- [SUPPLIED RECORDS]:
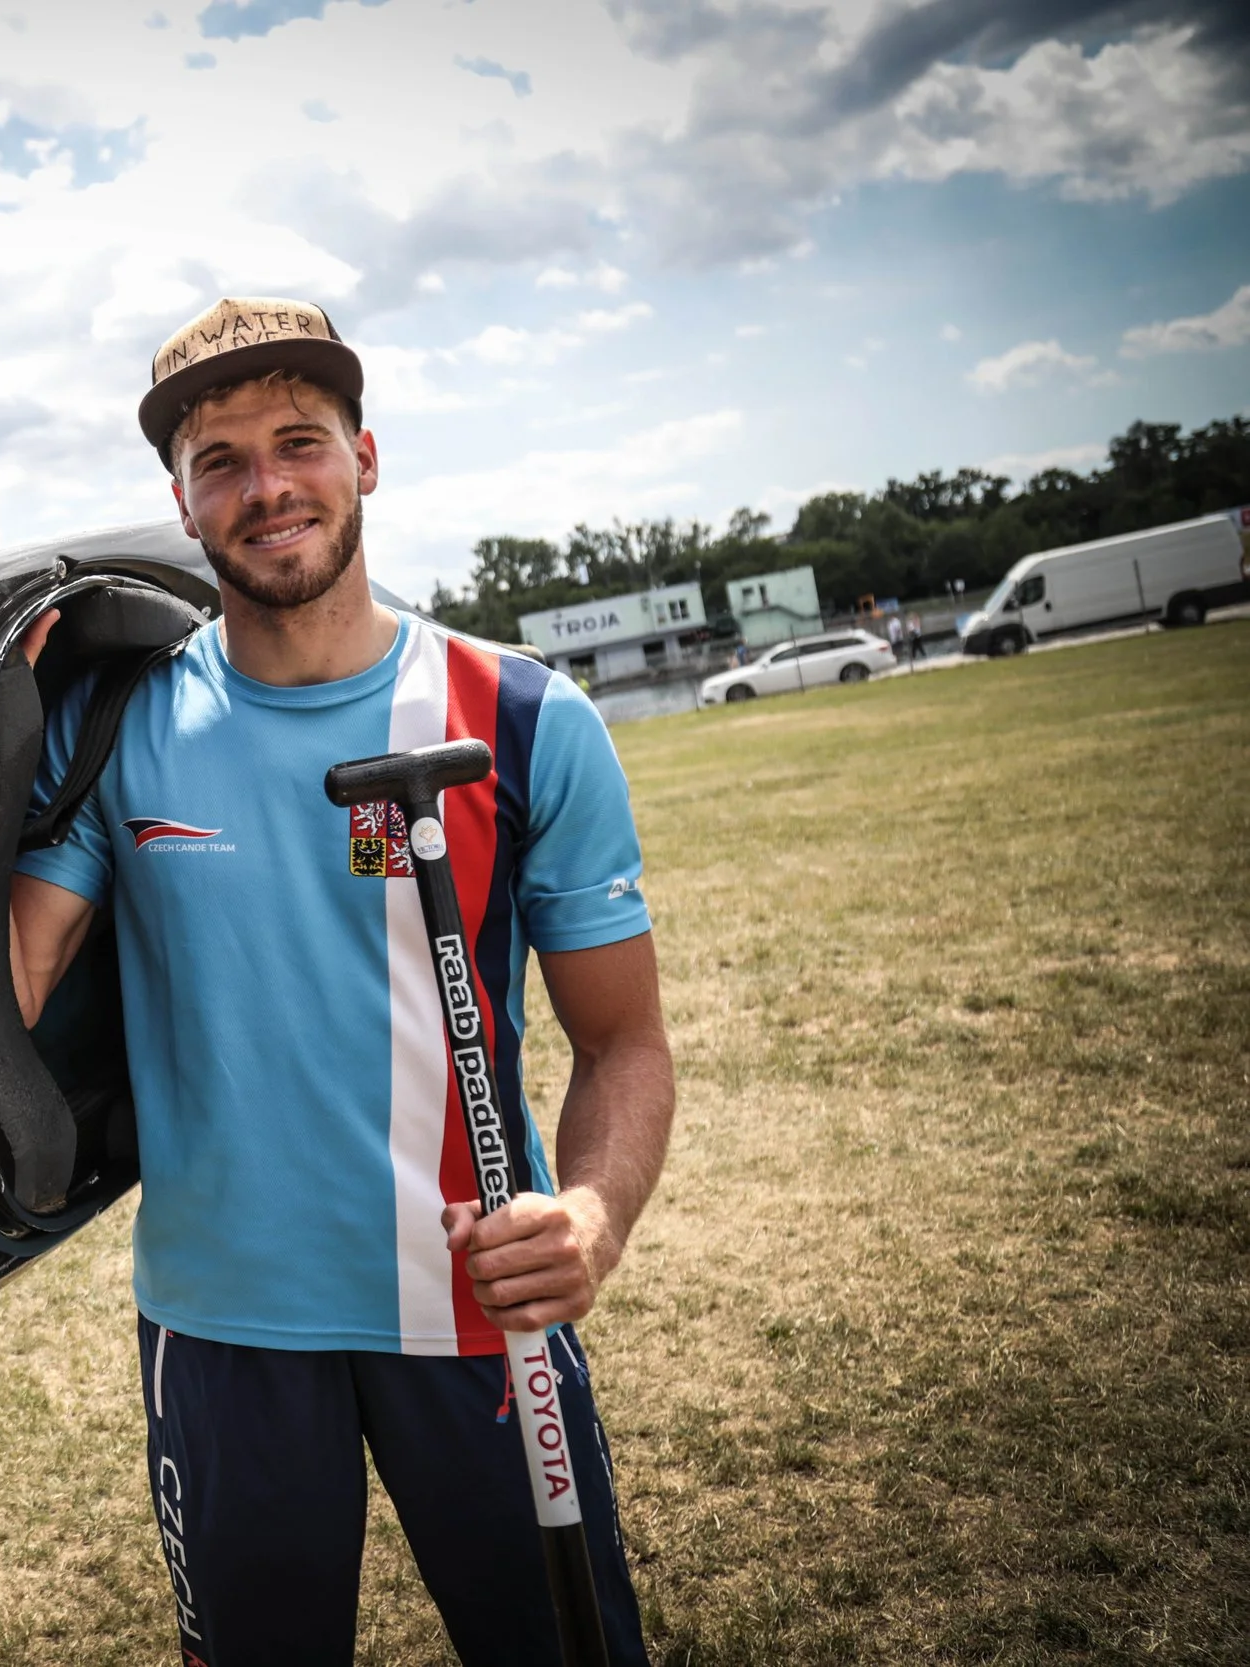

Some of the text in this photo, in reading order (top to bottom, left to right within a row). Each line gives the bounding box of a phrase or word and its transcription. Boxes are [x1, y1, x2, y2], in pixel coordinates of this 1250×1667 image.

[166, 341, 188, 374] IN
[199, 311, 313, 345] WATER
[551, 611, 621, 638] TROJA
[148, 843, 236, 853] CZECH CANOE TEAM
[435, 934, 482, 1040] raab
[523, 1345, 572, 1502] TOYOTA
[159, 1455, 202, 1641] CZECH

- [ASSIGNMENT]: Without copying any picture, repeat all of the entries exactly.

- [WORKED SOLUTION]:
Some of the text in this photo, in reading order (top to bottom, left to right within a row). Each line gives the bounding box of a phrase or word and its transcription. Boxes are [x1, y1, x2, y2], in pixel coordinates of this 1250×1667 image.

[166, 341, 188, 374] IN
[199, 311, 313, 345] WATER
[551, 611, 621, 638] TROJA
[148, 843, 236, 853] CZECH CANOE TEAM
[435, 934, 482, 1040] raab
[523, 1345, 572, 1502] TOYOTA
[159, 1455, 202, 1641] CZECH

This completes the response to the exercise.